An Indonesian visitor to Paris once noted how she was struck by the many more elderly faces filling the famous city's trams and streets, compared to the youthful scene in crowded Jakarta. This, she noted was in stark contrast to Indonesia, where the young population, typical of most developing nations, were more likely to be seen commuting and shopping in the cities and towns.

But imagine a large part of these young people dropping out of the national census -- dying -- to the extent that the dominant face of Indonesia shifts to the very young -- meaning much fewer healthy mothers and fathers to take care of them.

This is what is happening in much of Africa, where governments face teeming numbers of orphans and dying parents, after losing so many people in their productive years to HIV/AIDS.

In southern Africa, the report released by the World Health Organization and the Joint United Nations Program on HIV/AIDS says that a quarter of the population in the 15-49 age group have contracted Human Immunodeficiency Virus.

In this country, it is not uncommon to hear people remark that African nations are largely poor and are so far away from here, so they do not affect Indonesia. Current figures show that "only" 1.1 million people in Asia became infected with HIV last year; but this was more than any previous year.

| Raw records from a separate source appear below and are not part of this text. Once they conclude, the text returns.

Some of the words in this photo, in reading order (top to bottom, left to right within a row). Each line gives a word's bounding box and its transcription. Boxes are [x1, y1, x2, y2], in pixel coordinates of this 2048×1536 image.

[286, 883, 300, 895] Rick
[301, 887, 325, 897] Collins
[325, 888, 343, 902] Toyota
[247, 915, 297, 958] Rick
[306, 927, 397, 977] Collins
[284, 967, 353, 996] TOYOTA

The latest report on HIV/AIDS ominously warns that Indonesia, China and India -- a population of some 2.5 billion -- could be the next countries with an HIV/AIDS explosion. Reports on the world's scourges tend to be forever dismal, as if life and death threats are the only things that can wake us up to heed the concerns they raise. Unfortunately, that is probably true.

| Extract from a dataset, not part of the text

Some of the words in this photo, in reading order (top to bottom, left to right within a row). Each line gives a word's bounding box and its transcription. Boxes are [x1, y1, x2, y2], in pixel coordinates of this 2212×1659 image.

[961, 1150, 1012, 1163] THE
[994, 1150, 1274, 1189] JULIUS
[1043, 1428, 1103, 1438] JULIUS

One result, however, is that there have been some education campaigns dealing with HIV and the Acquired Immune Deficiency Syndrome in recent years, and so we have commemorated each AIDS Day on Dec. 1 without fail. The obvious danger is to fool ourselves into complacency. After all, we no longer hear as many fierce debates on whether promoting condoms is tantamount to encouraging sin. Promotion of safe sex continues, though with caution, partly because of the apparent consensus reached by campaigners and worried elders the world over, that abstinence should be the first and foremost method of prevention.

But how effective have these campaigns been? Indonesia's country coordinator for UNAIDS, Jane Wilson, has been quoted as saying that despite of a number of the government's good policies, "the implementation of these policies is limited to less than 10 percent (of those people) with high risk behavior."

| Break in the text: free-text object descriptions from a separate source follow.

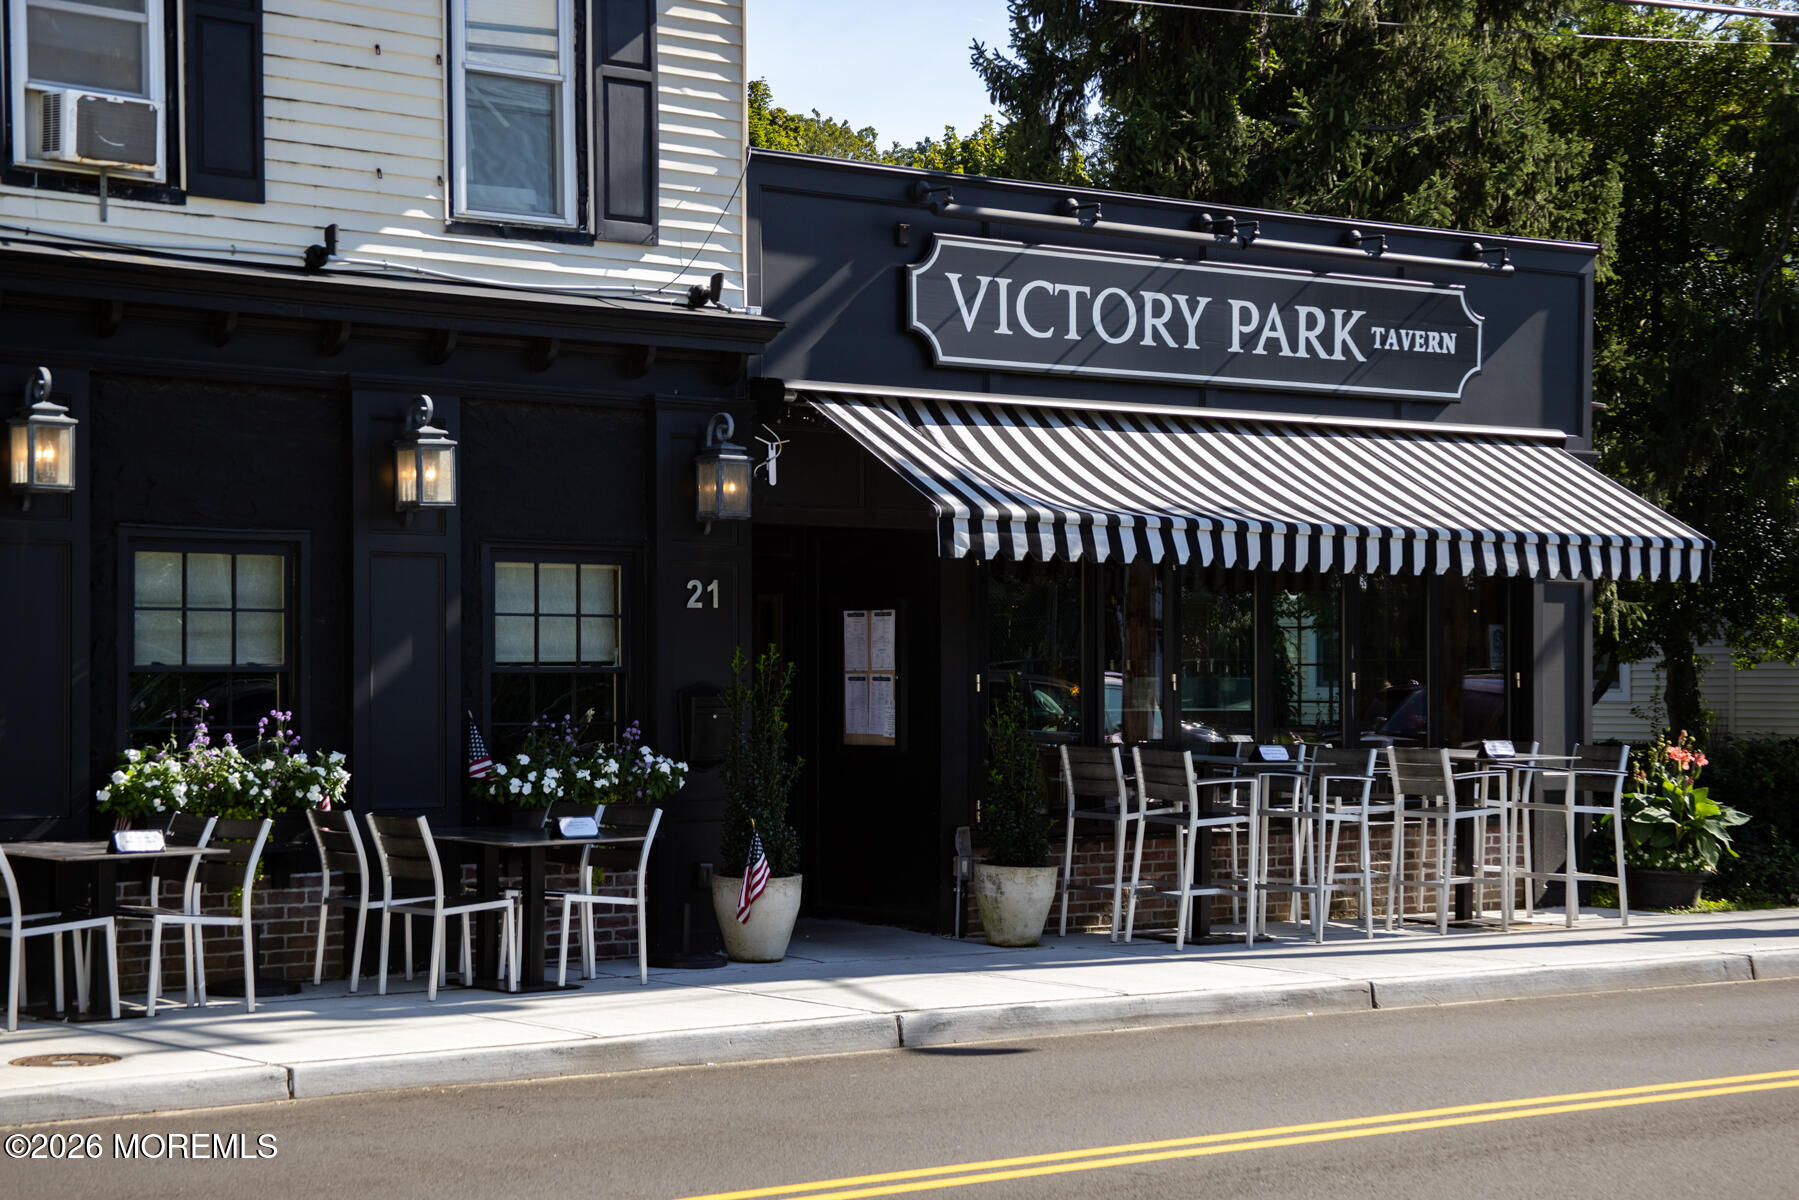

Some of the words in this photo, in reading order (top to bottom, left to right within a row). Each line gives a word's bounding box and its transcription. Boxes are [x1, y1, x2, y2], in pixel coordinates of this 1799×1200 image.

[944, 272, 1213, 350] VICTORY
[1227, 298, 1368, 362] PARK
[1370, 326, 1457, 355] TAVERN
[686, 579, 719, 609] 21
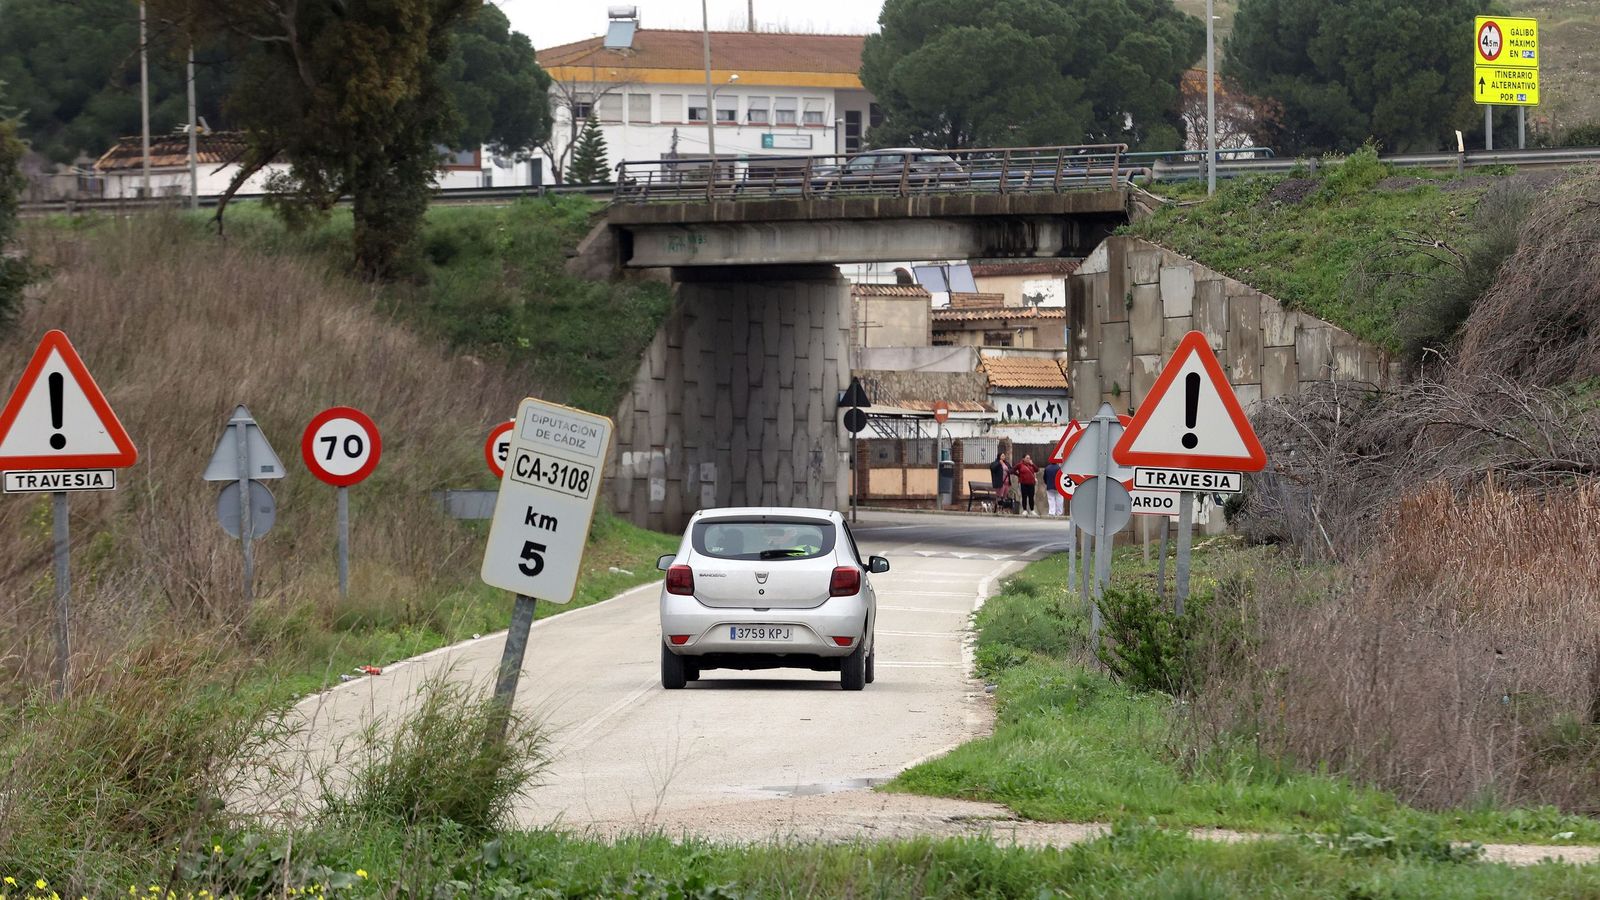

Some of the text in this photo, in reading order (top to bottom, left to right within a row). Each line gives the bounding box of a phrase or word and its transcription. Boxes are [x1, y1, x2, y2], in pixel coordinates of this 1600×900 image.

[1495, 71, 1532, 79] ITINERARIO
[1491, 81, 1536, 89] ALTERNATIVO
[1500, 93, 1513, 101] POR
[320, 434, 363, 460] 70
[536, 429, 586, 449] DE CÁDIZ
[498, 442, 510, 461] 5
[15, 473, 104, 488] TRAVESIA
[516, 454, 590, 493] CA-3108
[1145, 472, 1231, 488] TRAVESIA
[1130, 496, 1173, 509] ARDO
[524, 506, 558, 532] km
[518, 540, 547, 577] 5
[738, 628, 790, 639] 3759 KPJ

The "high risk" group referred to a latest estimate of 160,000 intravenous drug users, currently identified as the fastest growing group of people contracting HIV/AIDS in Indonesia, of whom 25 percent are known to already have HIV/AIDS.

If less than 10 percent of the targeted groups benefit from the education/prevention campaigns, which are geared to combating both HIV/AIDS and drug abuse, then clearly more concerted efforts are needed from the government and the public to check the spread of the virus. The sheer population size of well over 200 million makes it impossible for any government to take sole responsibility of changing individual's behavior, let alone treating all the millions that may contract HIV/AIDS.

Clearer strategies, and a more clear position on the part of the government in, say, the hazards of unsafe sex, would help to check potential complacency on the issue. Every AIDS Day is an opportunity to renew our commitment to fight HIV/AIDS -- and renew awareness that identification of high risk groups does not mean everyone else is blissfully safe and hence justified to stigmatize the "high risk" folks. Indeed there is virtually no room to remain smug about this issue.

High risk groups have long been considered those who are "morally loose." Now women are told to be careful if their husbands travel around for work or other things, possibly exercising their perceived right to sexual recreation; and girls are taught that saying no to sex does not necessarily mean never seeing their boyfriends again. It means a responsibility for everyone -- at the very least to educate themselves and the people in their immediate surroundings -- and hopefully avoid that specter of a country dominated by children, with no one there to take care of them.